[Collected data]
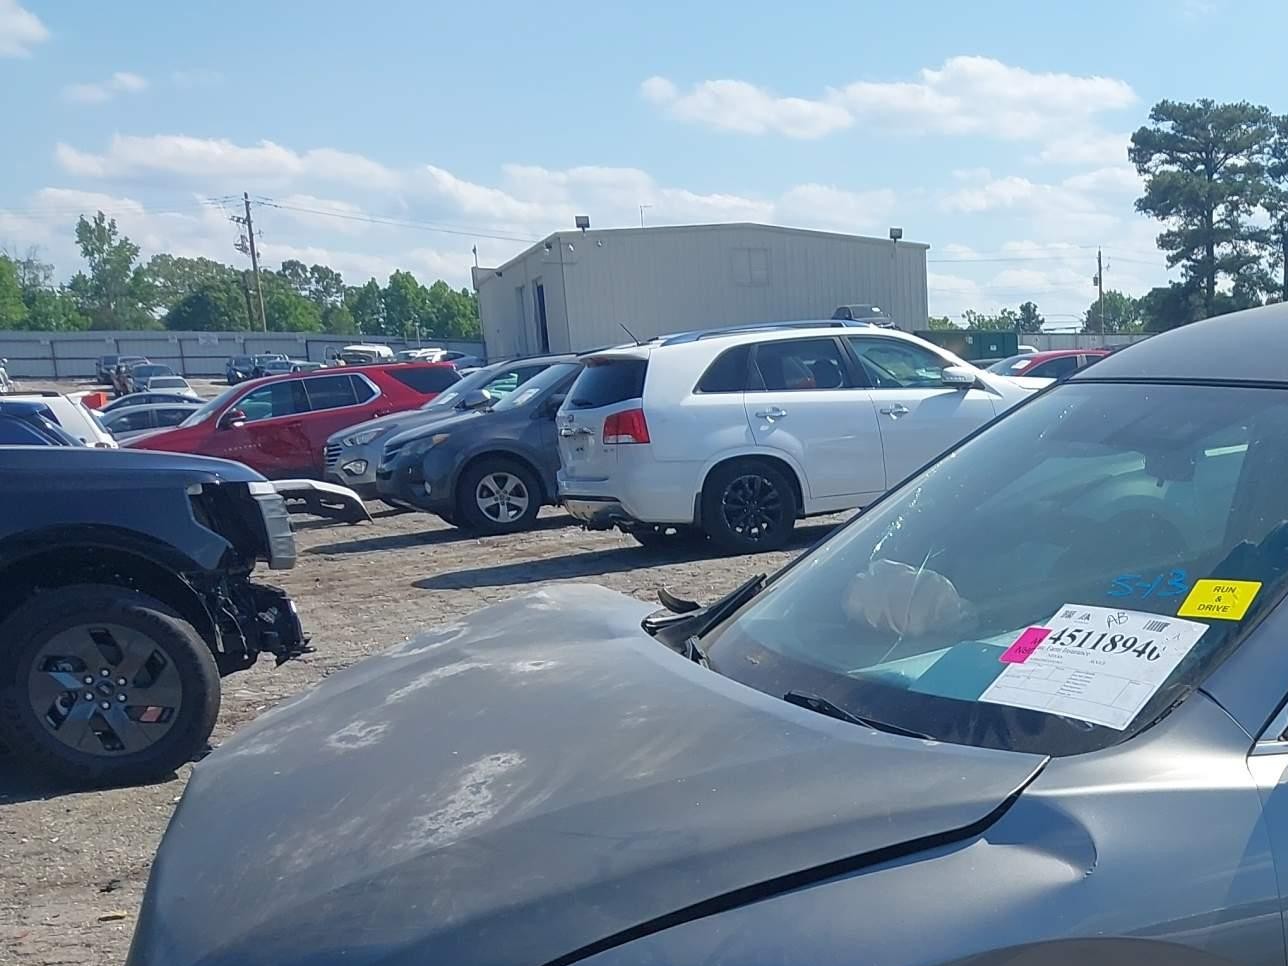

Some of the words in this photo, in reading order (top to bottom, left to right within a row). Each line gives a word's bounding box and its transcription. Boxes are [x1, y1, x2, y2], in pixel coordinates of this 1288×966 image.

[1212, 585, 1237, 594] RUN
[1214, 595, 1223, 603] &
[1197, 603, 1231, 613] DRIVE
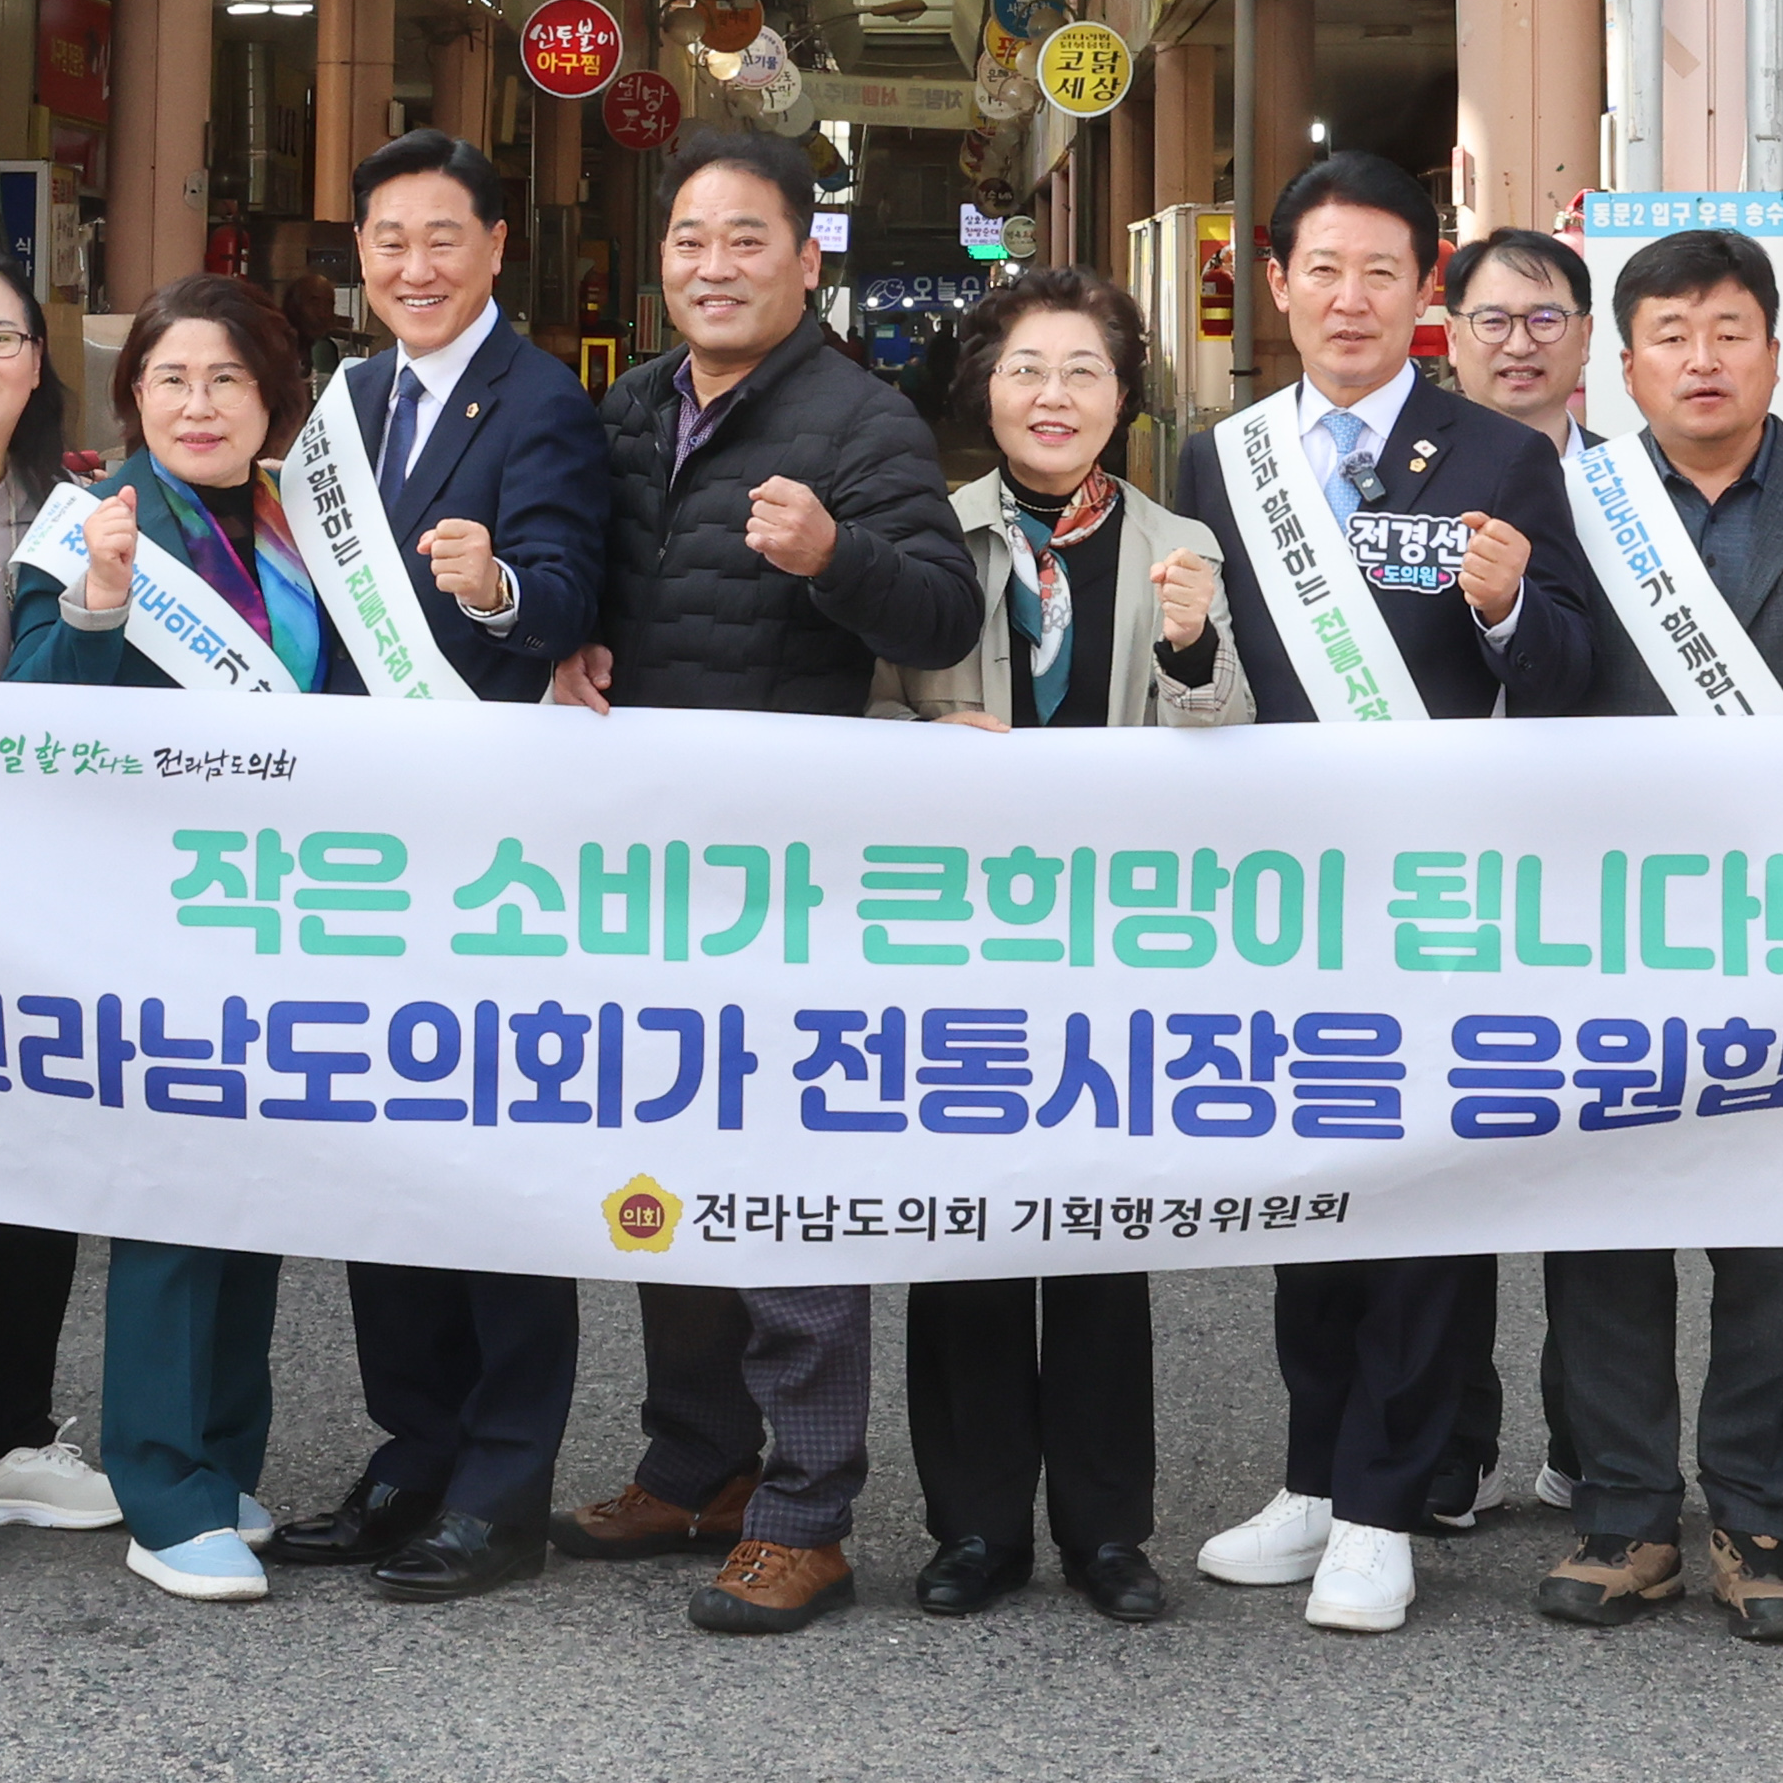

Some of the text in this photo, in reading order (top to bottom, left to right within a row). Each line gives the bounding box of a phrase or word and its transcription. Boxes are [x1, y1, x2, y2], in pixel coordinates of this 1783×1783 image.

[529, 17, 615, 52] 신토불이
[537, 51, 601, 76] 아구찜
[616, 76, 670, 112] 희망
[1053, 77, 1121, 101] 세상
[1592, 202, 1644, 227] 동문2
[1651, 202, 1691, 227] 입구
[1697, 202, 1738, 227] 우측
[914, 276, 981, 301] 오늘수
[1242, 414, 1279, 492] 도민과
[1260, 487, 1332, 607] 함께하는
[1351, 517, 1473, 564] 전경선
[1575, 445, 1678, 608] 전라남도의회가
[305, 467, 363, 566] 함께하는
[344, 563, 414, 682] 전통시장
[1382, 564, 1439, 588] 도의원
[154, 747, 297, 782] 전라남도의회
[169, 827, 410, 957] 작은
[450, 835, 823, 965] 소비가
[854, 841, 1346, 971] 큰희망이
[792, 1004, 1407, 1141] 전통시장을
[692, 1189, 1353, 1245] 전라남도의회 기획행정위원회
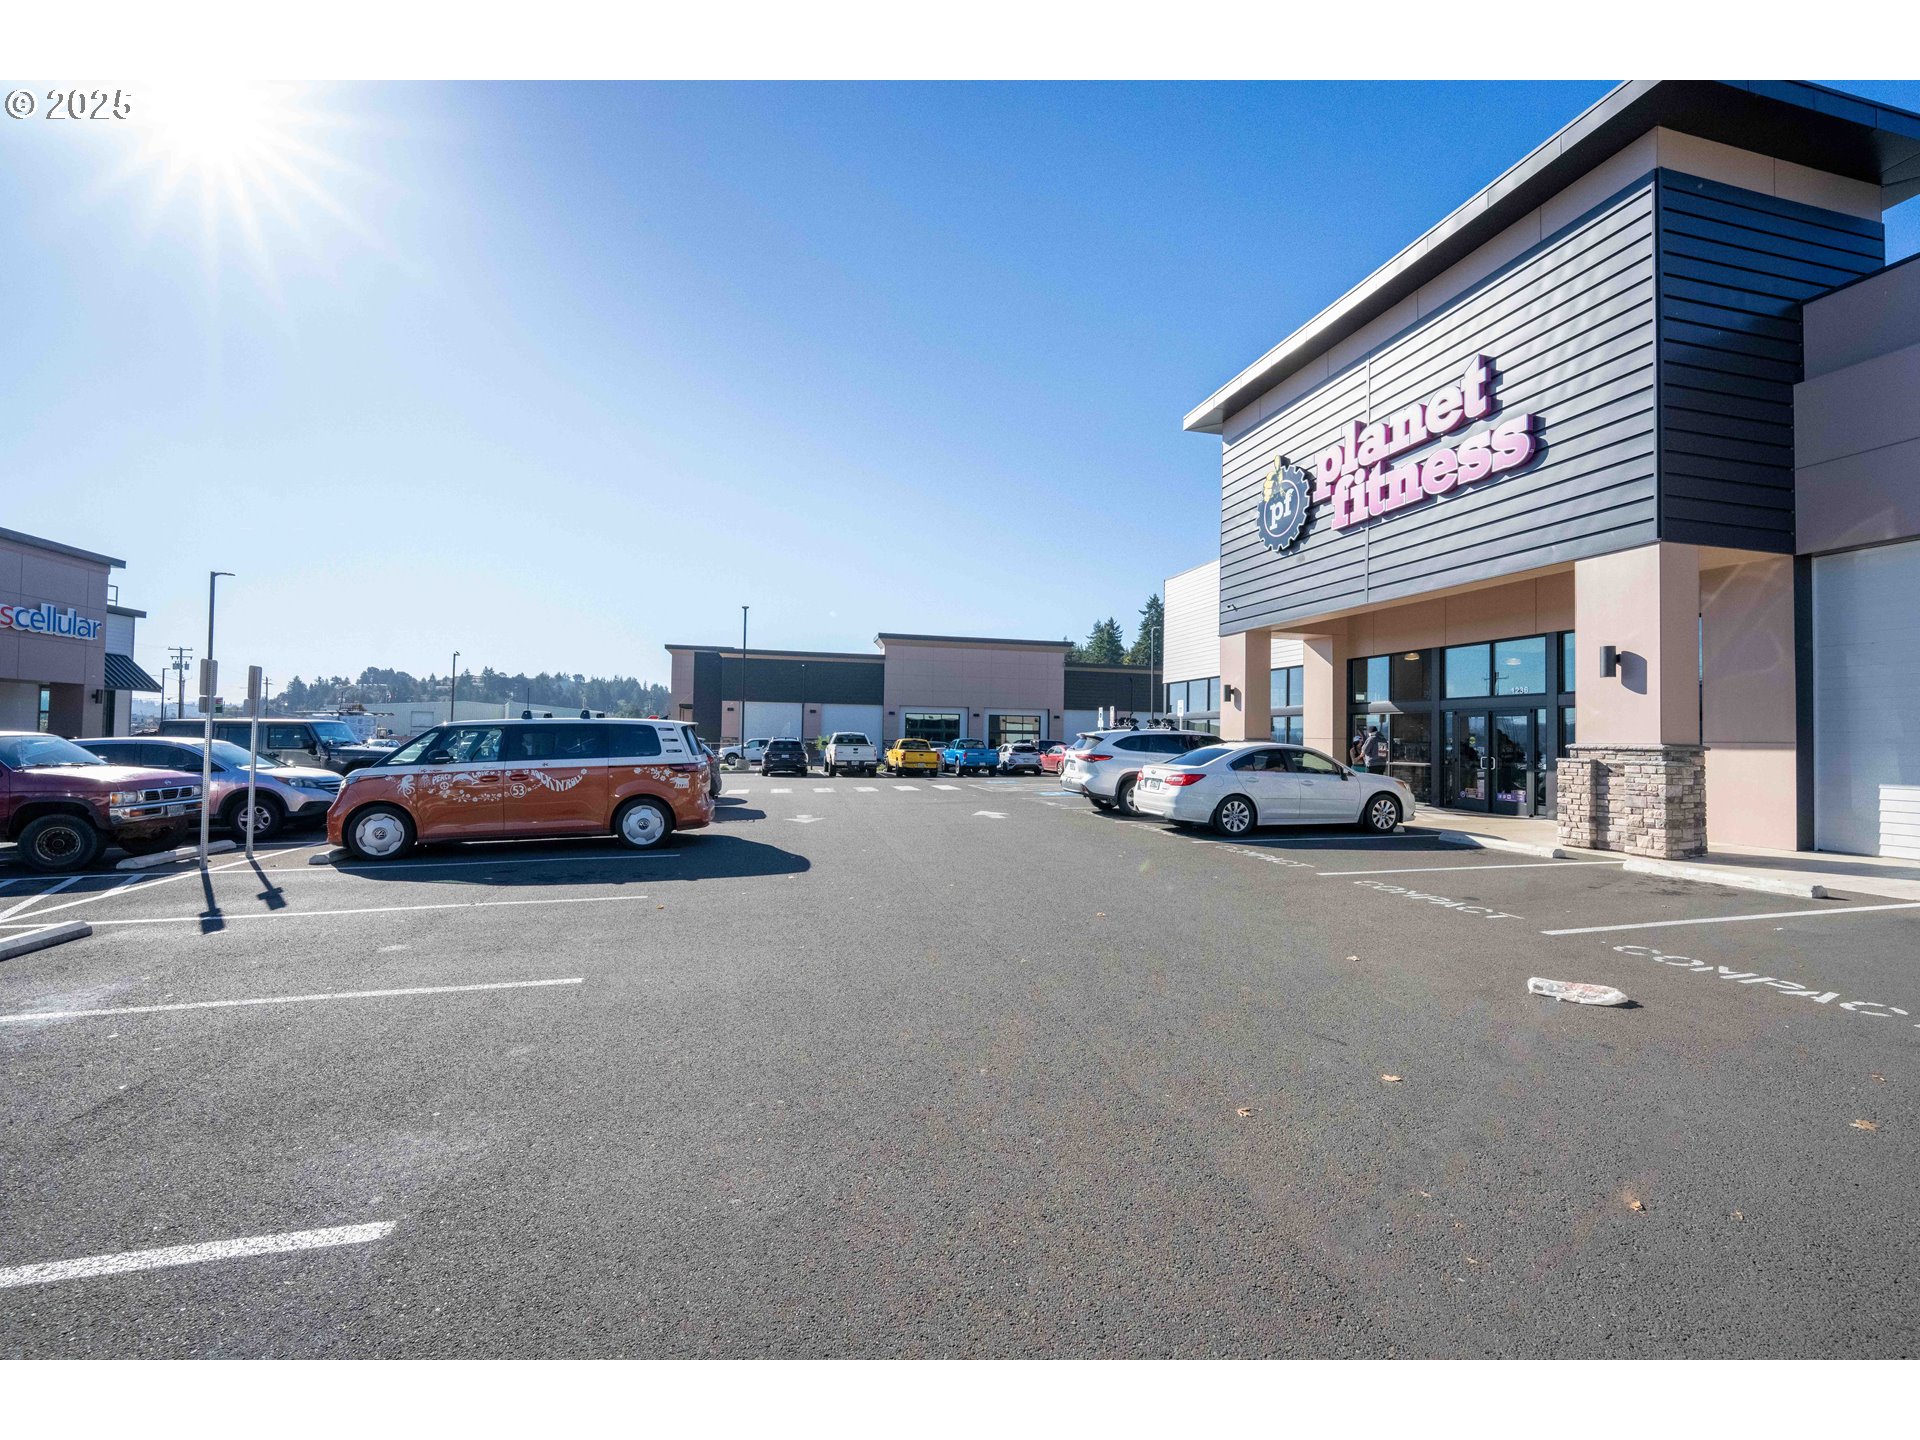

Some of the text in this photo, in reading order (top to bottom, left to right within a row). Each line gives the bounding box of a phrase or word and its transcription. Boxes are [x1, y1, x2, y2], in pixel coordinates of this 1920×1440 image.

[1313, 354, 1491, 503] planet
[1332, 413, 1536, 530] fitness
[1269, 488, 1295, 531] pf
[512, 785, 525, 796] 53
[1353, 880, 1525, 919] COMPACT
[1613, 945, 1920, 1028] COMPAC

TASK TO CARRY OUT:
Find the line that contains "this 1920×1440 image.". Write out that line and every line after it through the end of the data, exactly, and nothing else.

EXERCISE RESPONSE:
Some of the text in this photo, in reading order (top to bottom, left to right within a row). Each line gives the bounding box of a phrase or word and its transcription. Boxes are [x1, y1, x2, y2], in pixel coordinates of this 1920×1440 image.

[1313, 354, 1491, 503] planet
[1332, 413, 1536, 530] fitness
[1269, 488, 1295, 531] pf
[512, 785, 525, 796] 53
[1353, 880, 1525, 919] COMPACT
[1613, 945, 1920, 1028] COMPAC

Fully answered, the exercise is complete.